Government: Science agencies may get reprieve from across-the-board cuts

by Andrea Widener
December 13, 2013 | A version of this story appeared in Volume 91, Issue 50

UPDATE: The House of Representatives passed the bipartisan budget deal on Dec. 12 (after C&EN went to press) by a vote of 332 to 94. The measure now heads to the Senate, where it is expected to come up for a vote the week of Dec. 16.

After years of near-constant wrangling, congressional leaders this week reached a bipartisan budget deal that would avert another federal fiscal crisis for two years.

Credit: Associated Press
Budget committee chairs Rep. Ryan and Sen. Murray crafted the deal released on Dec. 10.
This is a photo of House Budget Committee Chairman Paul Ryan (R-Wis.), and Senate Budget Committee Chairwoman Patty Murray (D-Wash.), walking together at the Capitol on Dec. 10, 2013.
Credit: Associated Press
Budget committee chairs Rep. Ryan and Sen. Murray crafted the deal released on Dec. 10.

If passed by both the Senate and House of Representatives, the bill will prevent a government shutdown on Jan. 15, 2014, when the current temporary budget deal expires. Even more important for R&D funding, the deal will provide temporary relief from the across-the-board budget cuts, called sequestration, that took effect in March and are set to continue for a decade.

The deal “is an important first step toward slowing the damage the nation’s biomedical research enterprise has been enduring since sequester cuts began drastically cutting our national investment in basic science research,” says Benjamin W. Corb, spokesman for the American Society for Biochemistry & Molecular Biology.

The agreement from budget committee leaders Rep.
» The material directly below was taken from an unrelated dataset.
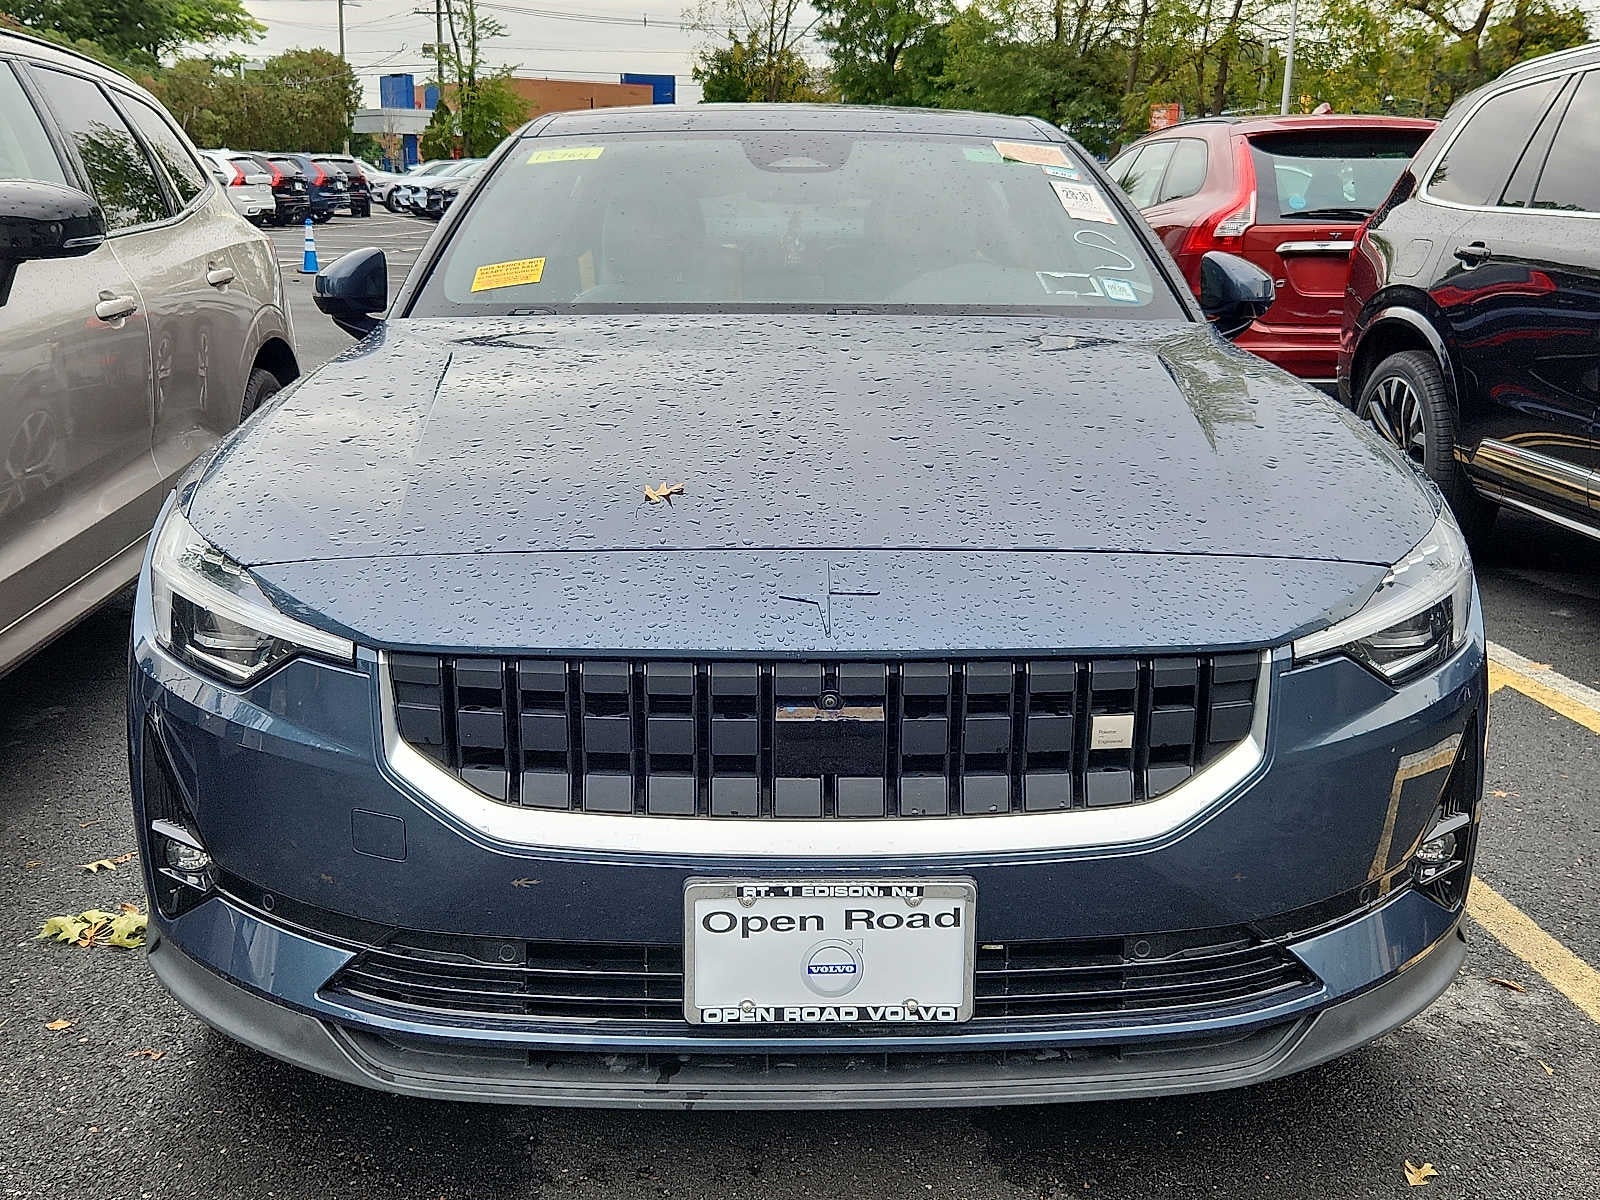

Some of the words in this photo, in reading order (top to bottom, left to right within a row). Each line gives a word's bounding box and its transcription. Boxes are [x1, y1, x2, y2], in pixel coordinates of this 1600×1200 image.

Paul D. Ryan (R-Wis.) and Sen. Patty Murray (D-Wash.) sets discretionary spending levels—which include most federal R&D—at $1.012 trillion for fiscal 2014, which began on Oct. 1, and $1.014 trillion for fiscal 2015. That restores about half of the sequester’s cuts in 2014 and about 25% in 2015, according to an analysis by the American Association for the Advancement of Science.But some Democrats are threatening to vote against the bill because it does not extend benefits for the long-term unemployed.

The details of how this will trickle down to science agencies still need to be worked out by congressional committees. Federal agencies, including those that fund much of chemistry-related research,do not comment on pending legislation. But observers say that science is likely to reap the benefits by returning to presequester funding levels.

Many scientists appreciate the temporary relief, but they are disappointed that the agreement doesn’t address the larger budget issues facing the country. For example, the plan takes no action on tax and entitlement reform, and it spares agencies from sequestration cuts for only two years, even though the cuts by law can continue for 10 years.

Research!America President Mary E. Woolley says, “Until policymakers tackle those issues head-on, we will continue to fund research at levels far below what’s necessary to maintain our competitive edge.”